Unison calls for care sector to adopt an NHS-style system to prevent future deaths
The care sector should adopt a similar system to the NHS to prevent more deaths, Unison said, as it published a new strategy.
The UK’s largest trade union said the care system needed a complete overhaul, stating the pandemic exposed the “structural, financial and operational weaknesses” in the care system after thousands of vulnerable people died in care homes.
In its Care After Covid: A Vision for Social Care strategy document – published on Wednesday, the union set out a number of recommendations for the care system to be better prepared for a future health emergency.
Some of the recommendations include staff undergoing a minimum level of training and for care workers to be added to the Government’s shortage occupation list, which will form part of the points-based immigration system set to come into force in January 2021.

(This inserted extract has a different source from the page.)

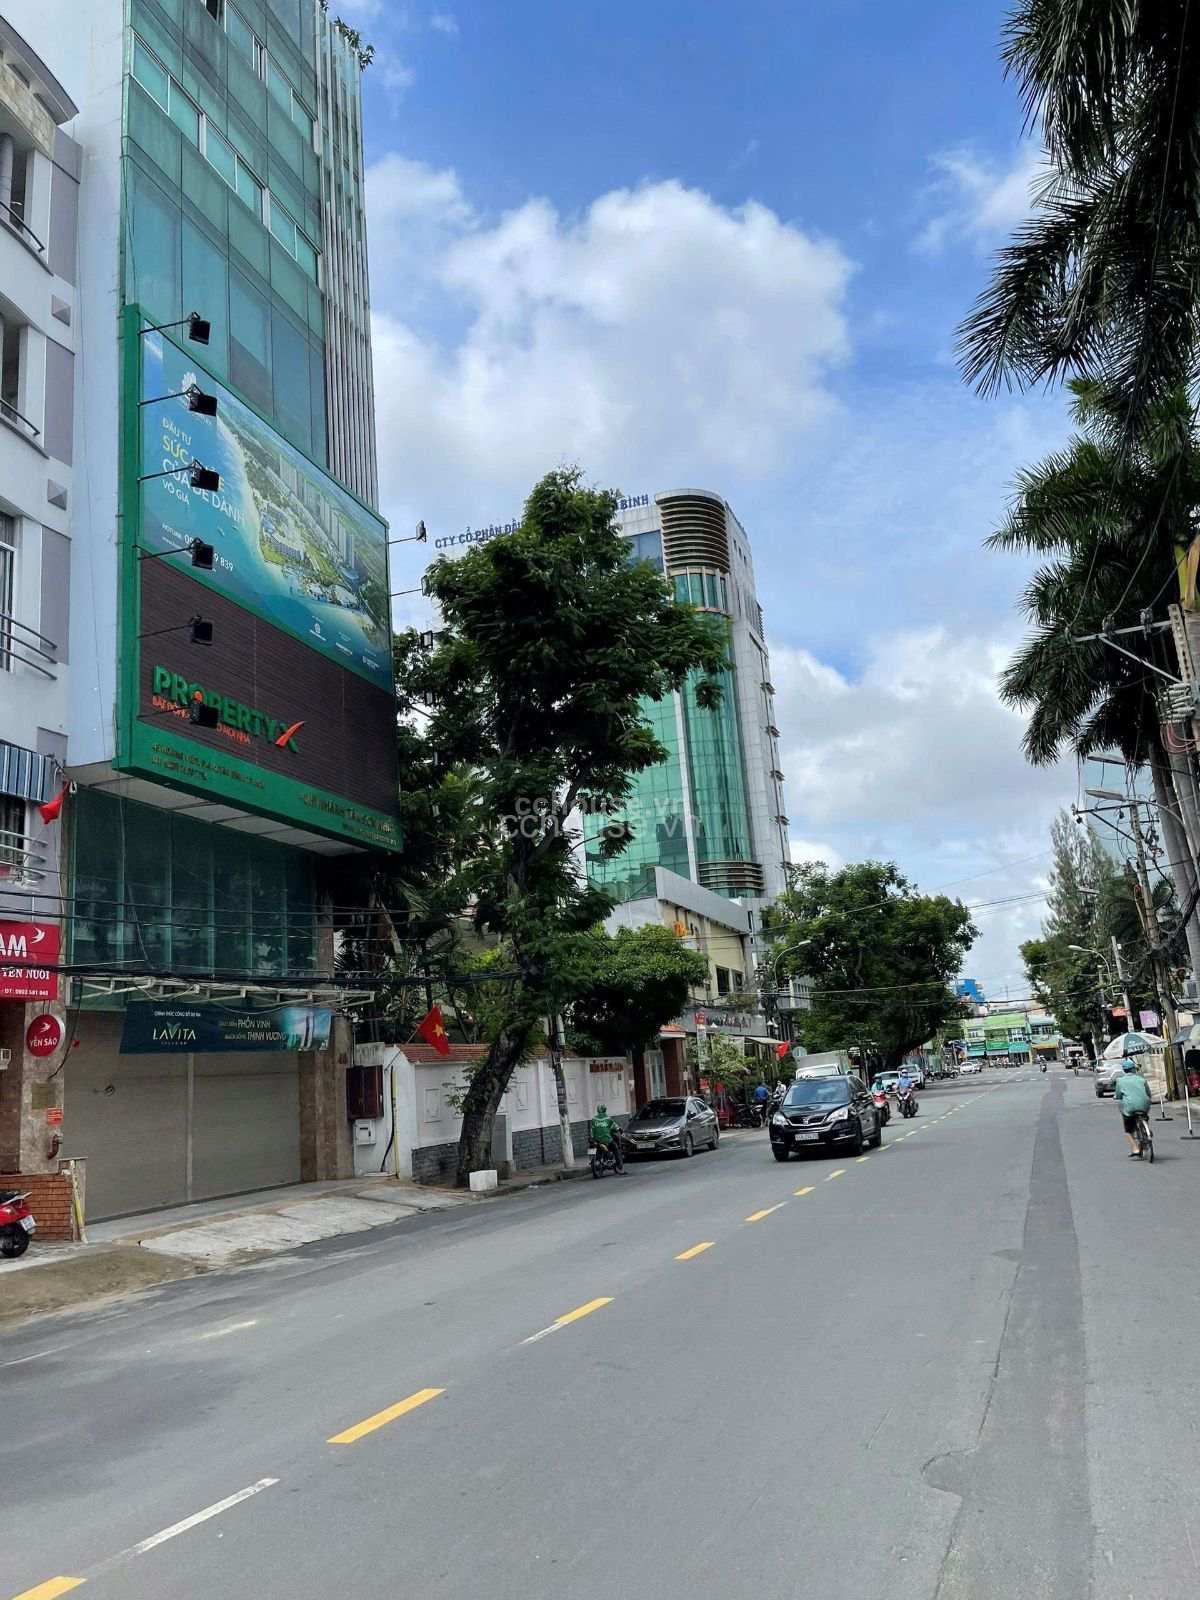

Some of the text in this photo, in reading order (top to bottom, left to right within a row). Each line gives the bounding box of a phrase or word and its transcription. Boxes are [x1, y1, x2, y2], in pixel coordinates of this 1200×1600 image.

The union also suggested local authorities should only source care from providers “that pay their taxes, recognise unions, provide staff with standard work contracts and pay at least the real living wage”.
Unison warned many care workers are currently on zero-hours contracts, with little job security and without paid holidays or sick pay.
It said there should be a move away from “the complex commissioning model” to a national care system based on the NHS, where care is free at the point of need.
Unison assistant general secretary Christina McAnea (pictured) said: “Underpaid, undervalued and undermined staff are at breaking point. The Covid-19 crisis has further exposed just how desperately the care sector needs reform.
“The NHS must be its inspiration. Any reform must build on the few positives to come from the pandemic – that care staff are highly skilled people, providing quality care, despite the many challenges they face.”
It comes after health officials were accused of a “reckless” and “negligent” approach to care homes during the coronavirus crisis.
A National Audit Office (NAO) report found that 25,000 people were discharged from hospitals to care homes at the height of the pandemic without all being tested for Covid-19, between March 17 and April 15.
Figures from the Office for National Statistics, published on Tuesday, show there were 14,404 coronavirus-related deaths recorded in care homes in England and Wales.
“Never again should there be vulnerable people dying in their thousands in care homes”, Ms McAnea said.
“The Government must introduce fundamental reform to create a system fit for the future.”